In his last thoughts, Robert Jordan turns to his own male ideal – his grandfather – and tries to gather himself to face death and the paralyzing pain of his wound. Nonetheless, in a tellingly human way, he admits that he doesn't prove so good at either as he'd hoped. At the end, Jordan lays back on the earth and waits. The ending part of the novel is nicely constructed. The book's first sentence is mirrored in the last, once more describing Robert Jordan lying on the "pine needle floor" and waiting. It takes the repeated image of Robert Jordan on the forest floor itself – what's its significance? One possibility to consider is that it calls attention to Robert Jordan as an individual at once alone and in relation to the larger world – of nature, yes, but of everything more generally. Throughout, the novel contrasts the connection to nature felt by Robert Jordan and other characters with nature's lack of concern about their own suffering and death.
Robert Jordan's mission to blow up the bridge succeeded. But on the other hand the attack by the Republicans has almost certainly failed, because the fascists are prepared to meet them. If the bridge operation was only significant to the extent it was part of the larger attack. By this we have a kind of doubt that Anselmo, Eladio, and Robert Jordan have risked their lives and lost them for nothing.
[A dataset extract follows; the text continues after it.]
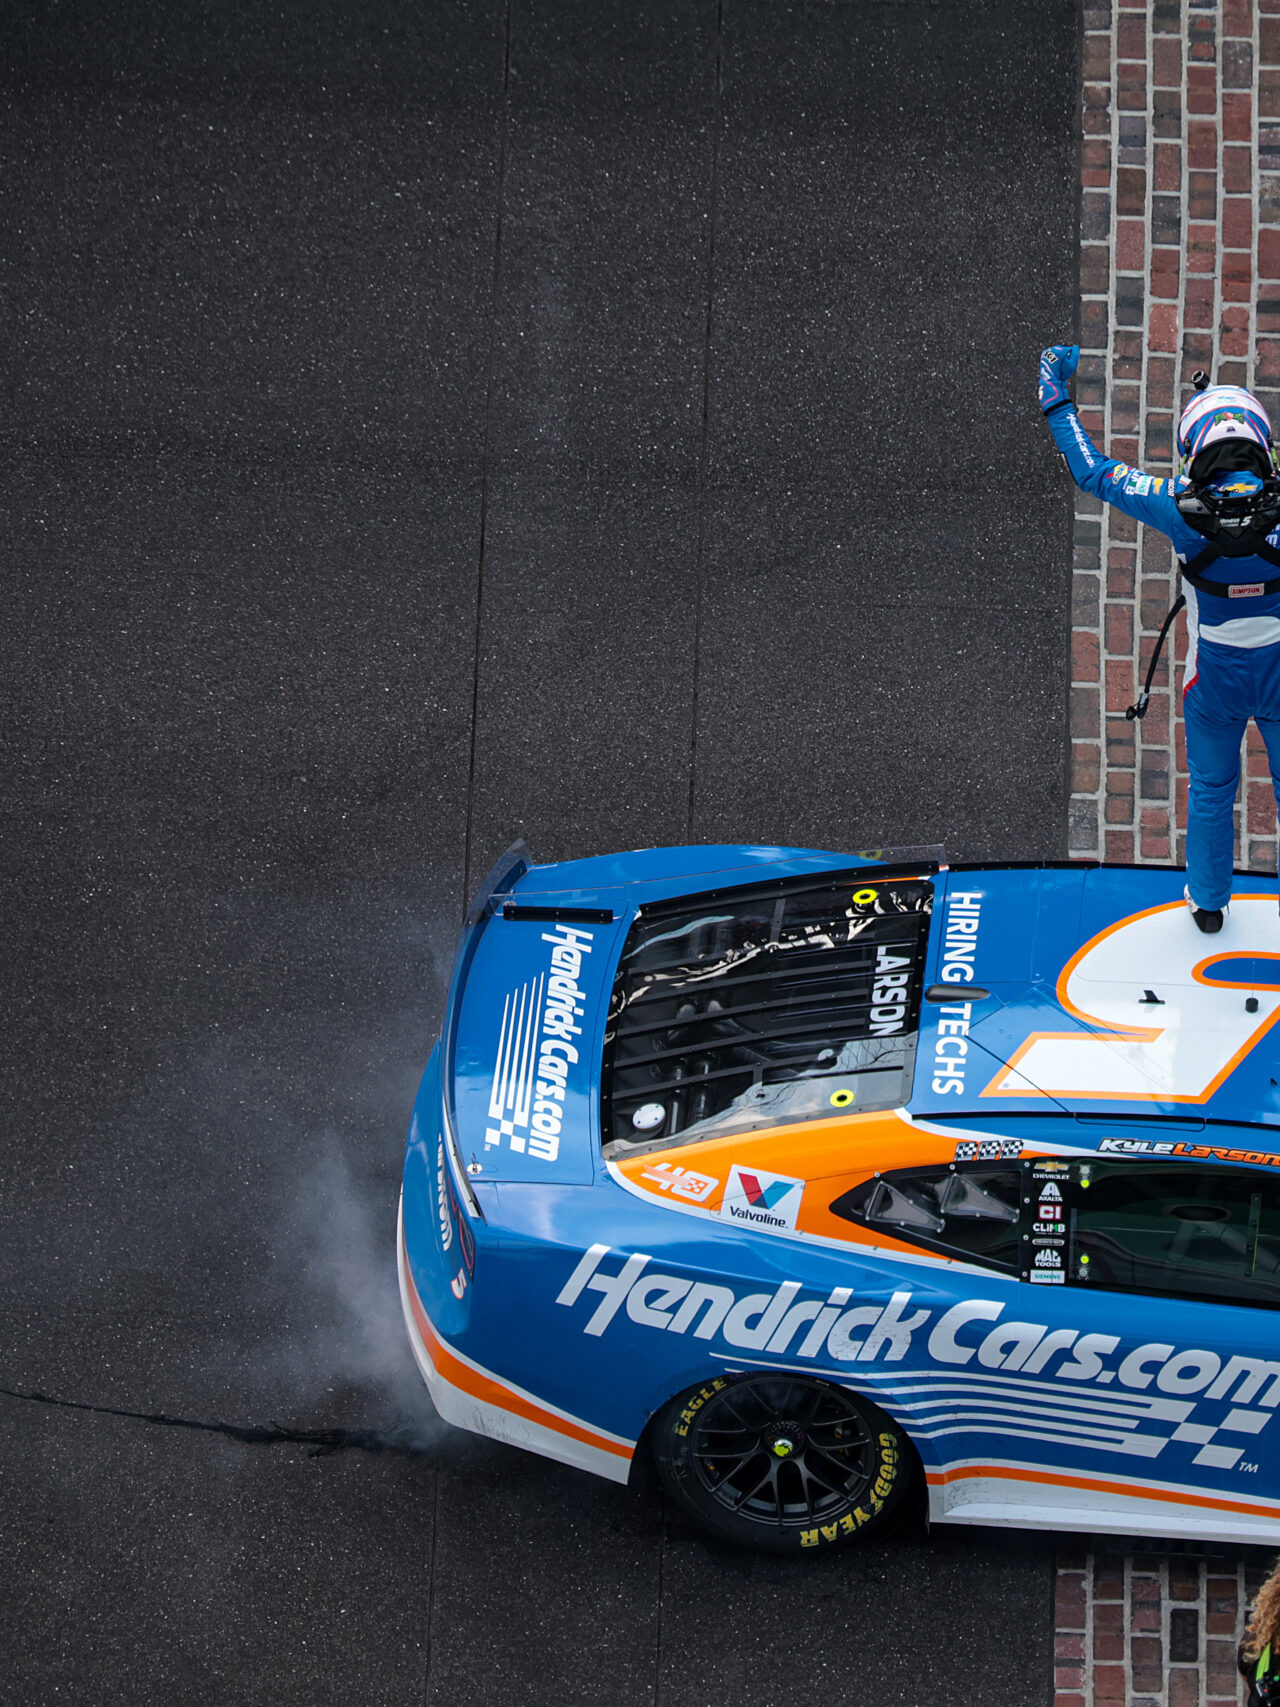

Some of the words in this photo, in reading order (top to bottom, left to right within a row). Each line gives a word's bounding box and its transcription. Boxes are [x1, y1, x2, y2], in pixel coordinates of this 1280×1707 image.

Robert Jordan has himself reconciled to his own death and to killing others. The attack as a whole is only a loss for the Republicans. Moreover, Robert Jordan had doubt that the attack itself would probably fail, which is why he'd written a report to the officer leading it.
The story ends with the approach of Lieutenant Berrendo, one of the fascist leaders, and Robert Jordan taking aim to shoot him. Here, we can't find what happened to Robert, but by the forces we can imagine that in front of the Fascist army, it is impossible to survive. So we can imagine that Robert meets to the death as a myriad.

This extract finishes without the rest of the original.